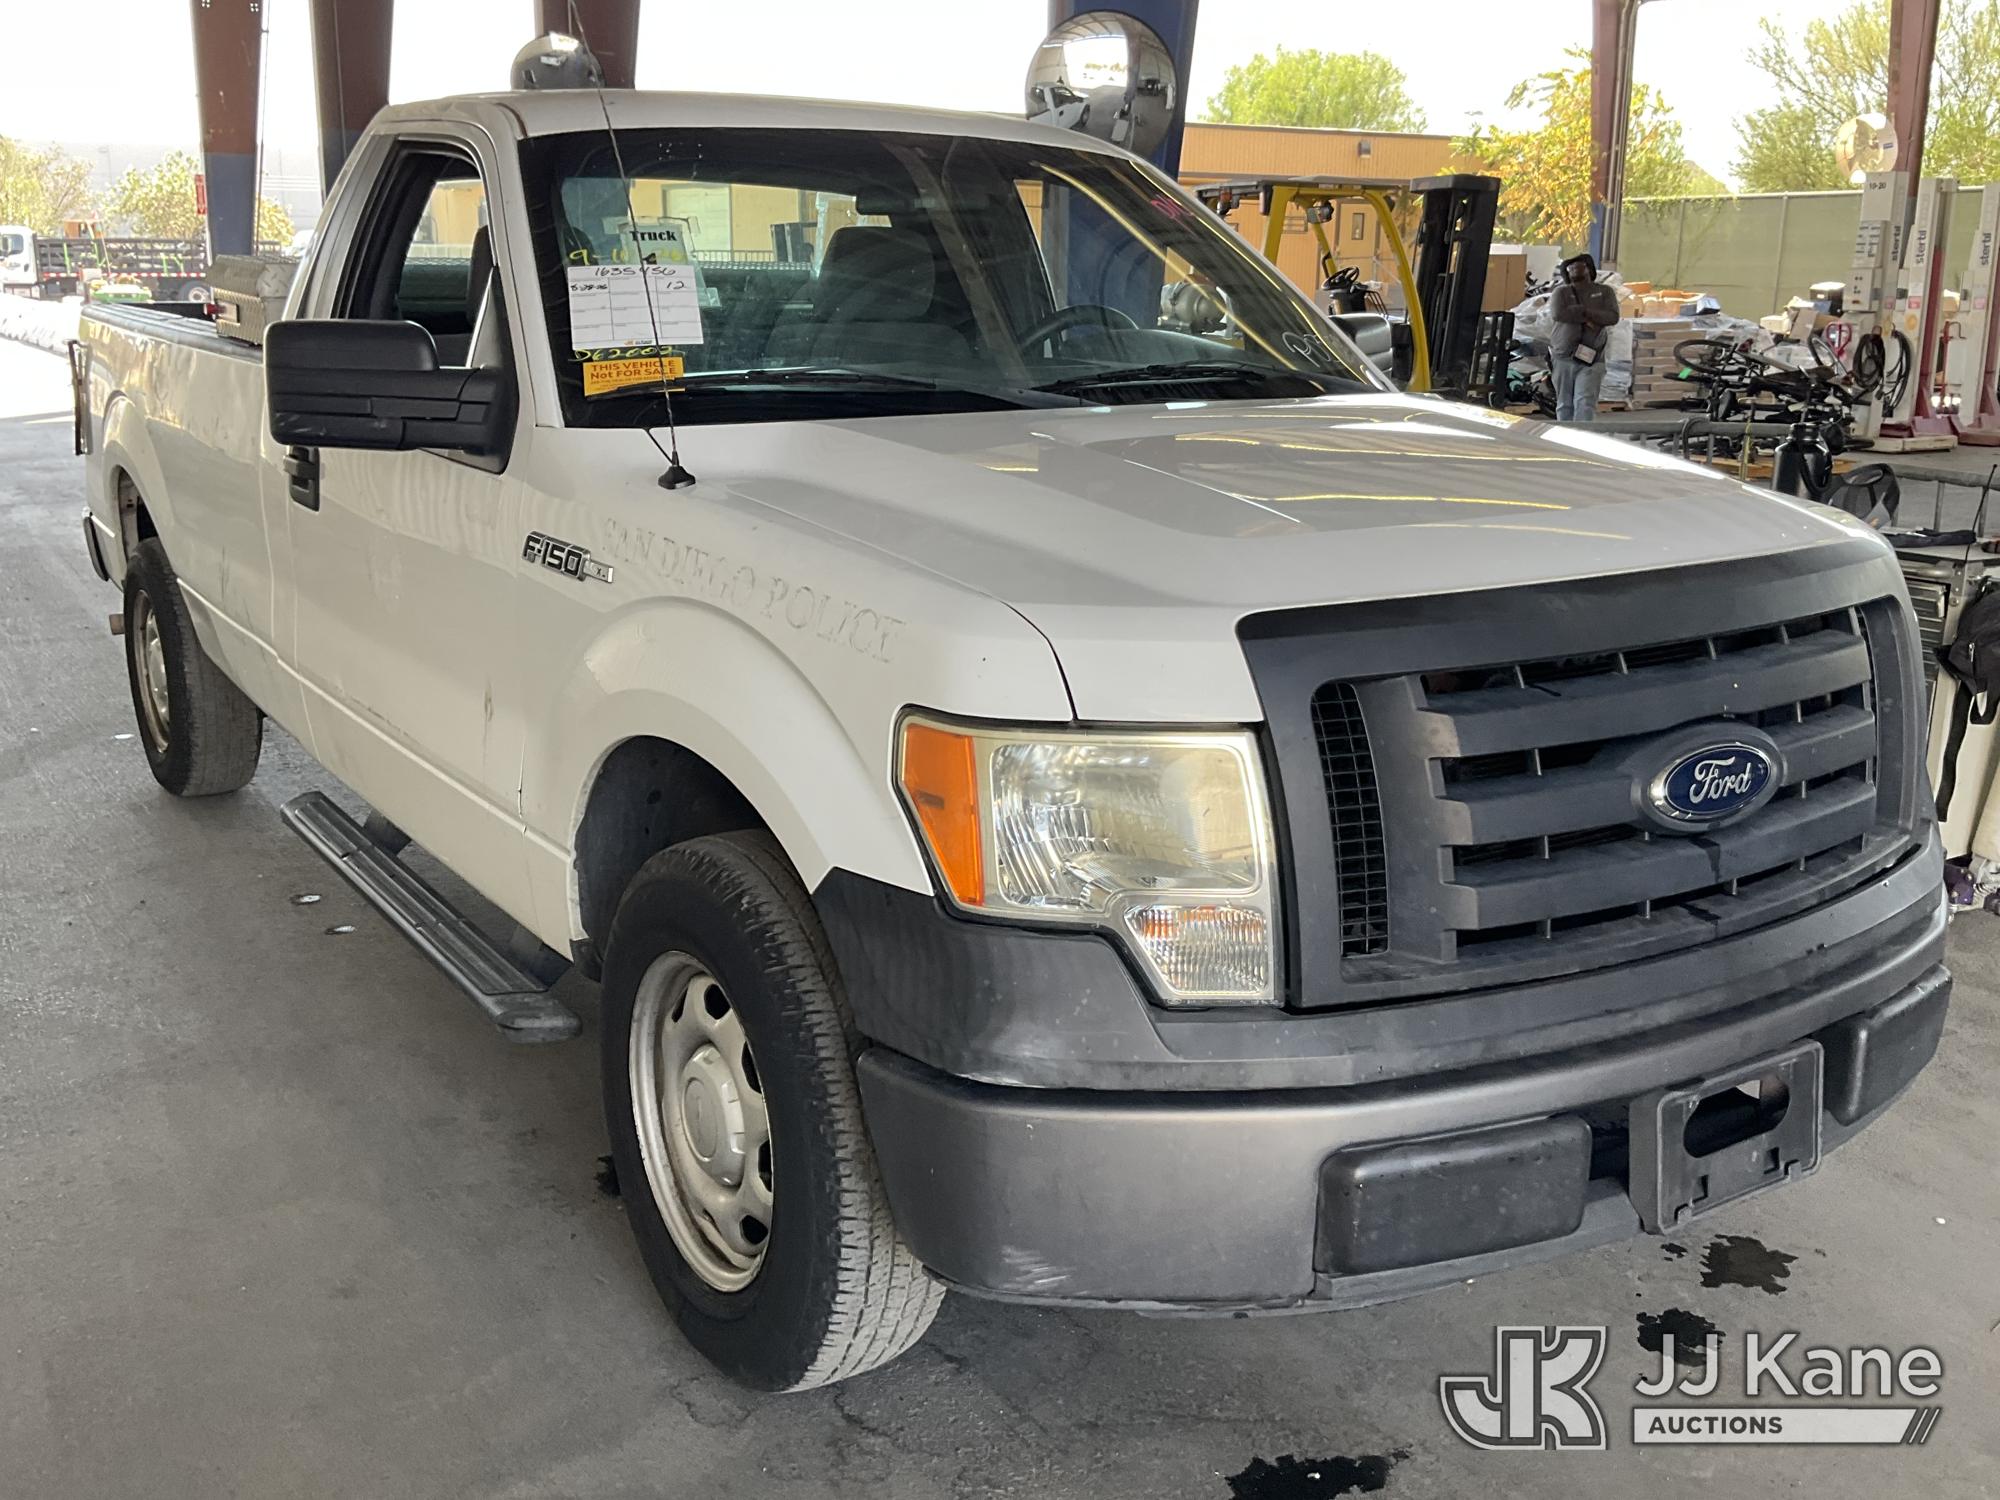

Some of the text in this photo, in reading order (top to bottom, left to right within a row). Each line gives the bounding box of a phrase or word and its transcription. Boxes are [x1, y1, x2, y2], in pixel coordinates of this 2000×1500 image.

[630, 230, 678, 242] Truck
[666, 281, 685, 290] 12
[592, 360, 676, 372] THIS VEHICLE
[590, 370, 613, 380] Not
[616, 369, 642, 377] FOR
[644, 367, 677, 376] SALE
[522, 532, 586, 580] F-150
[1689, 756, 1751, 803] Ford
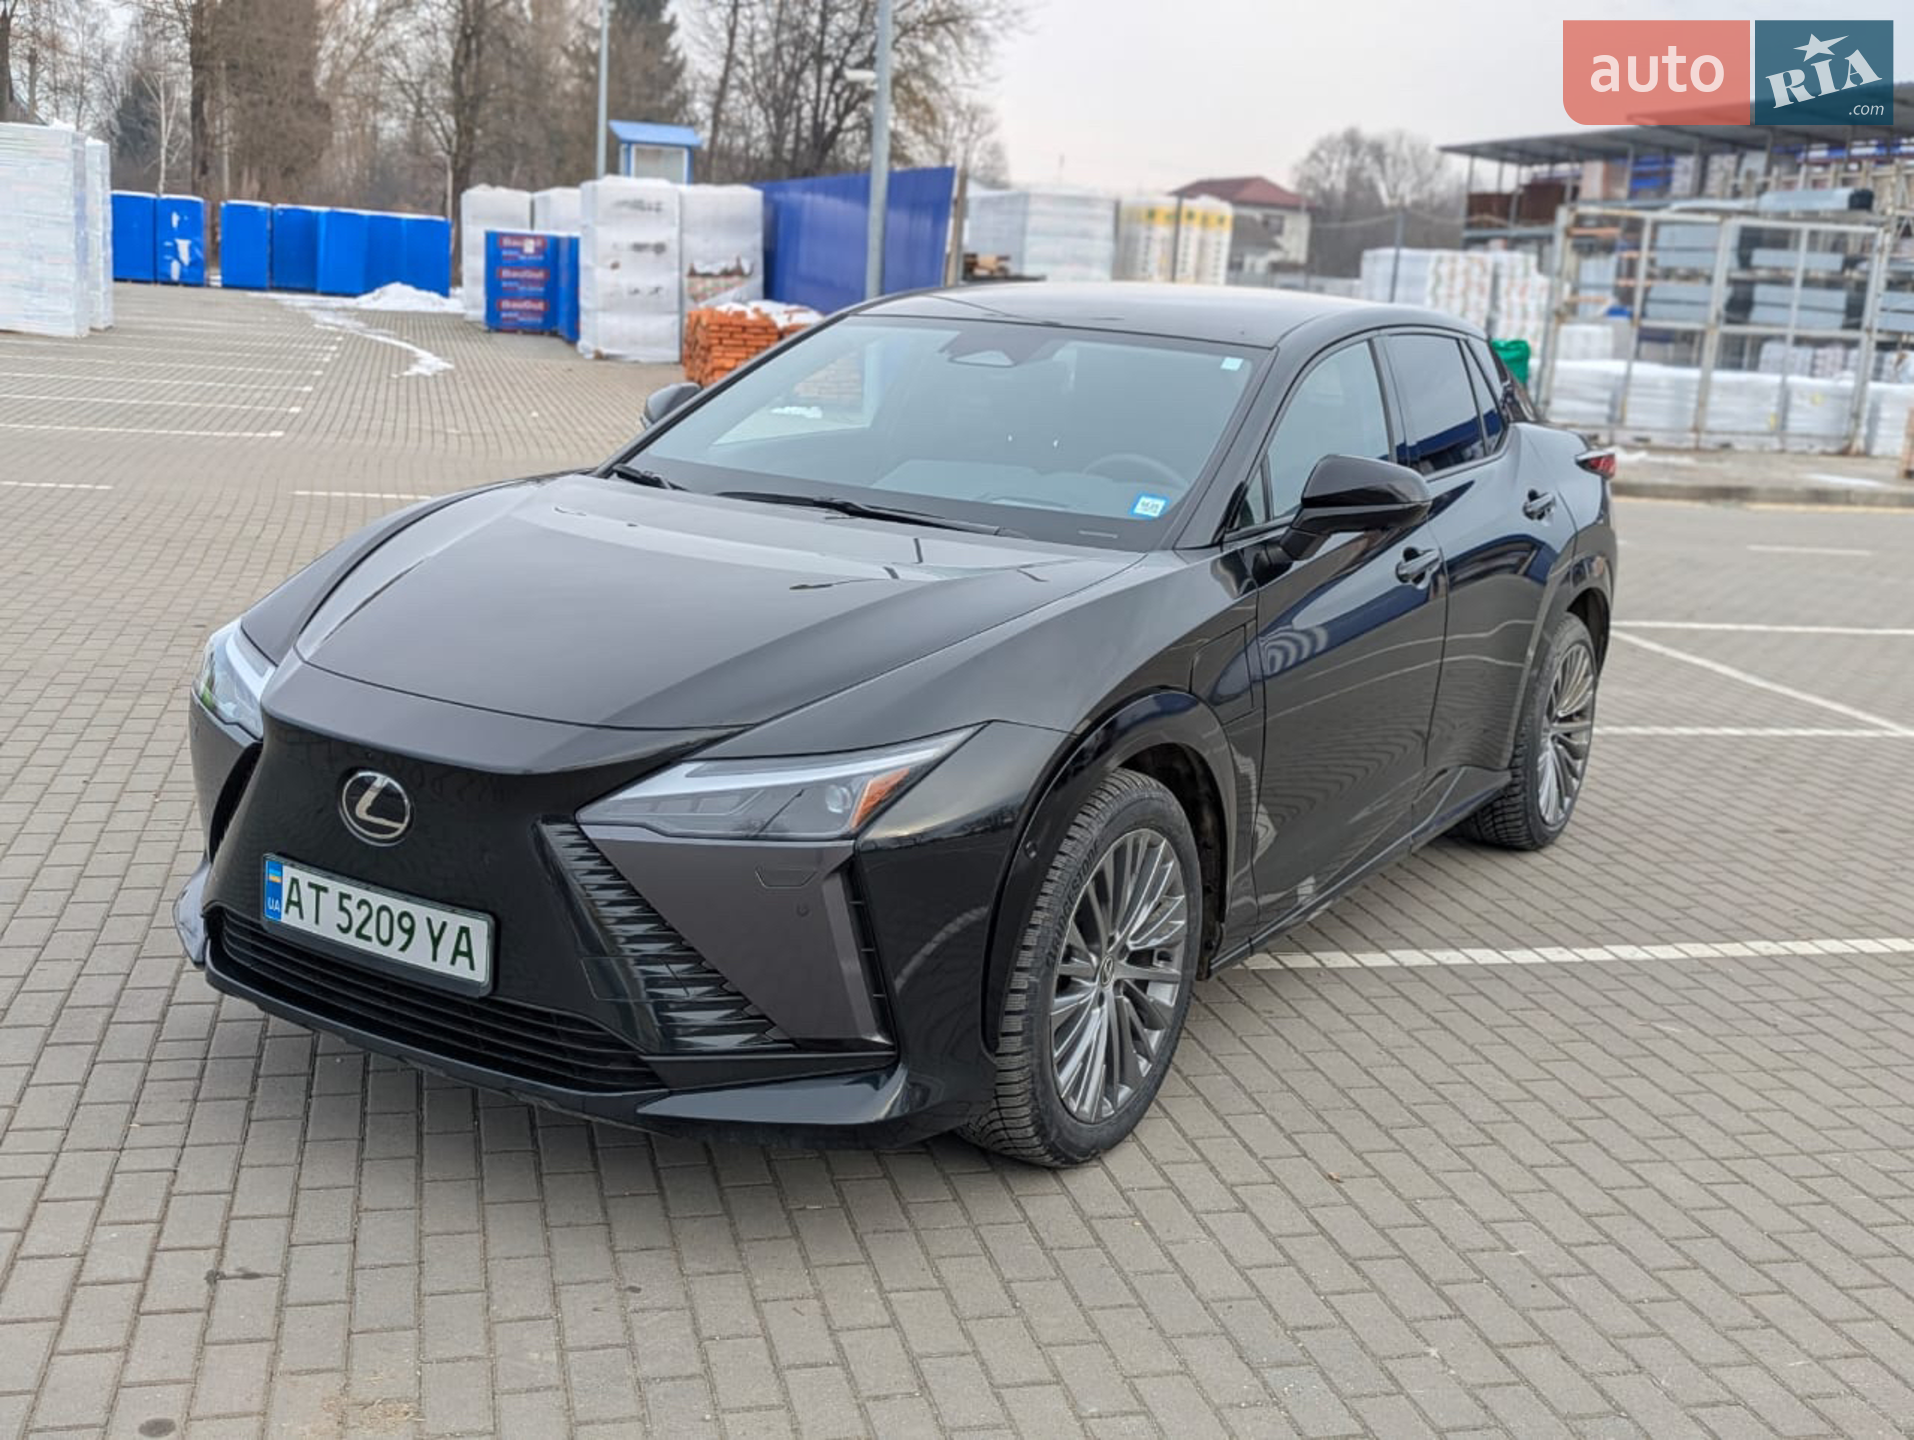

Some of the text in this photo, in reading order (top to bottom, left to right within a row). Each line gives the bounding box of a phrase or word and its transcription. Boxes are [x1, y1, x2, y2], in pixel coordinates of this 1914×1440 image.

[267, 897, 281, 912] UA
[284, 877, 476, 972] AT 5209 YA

§ **Task description**
Both ends count here. Reproduce exactly the lines from the one containing "this 1914×1440 image." through the end of the listing.

§ **Solution to the problem**
Some of the text in this photo, in reading order (top to bottom, left to right within a row). Each line gives the bounding box of a phrase or word and its transcription. Boxes are [x1, y1, x2, y2], in pixel coordinates of this 1914×1440 image.

[267, 897, 281, 912] UA
[284, 877, 476, 972] AT 5209 YA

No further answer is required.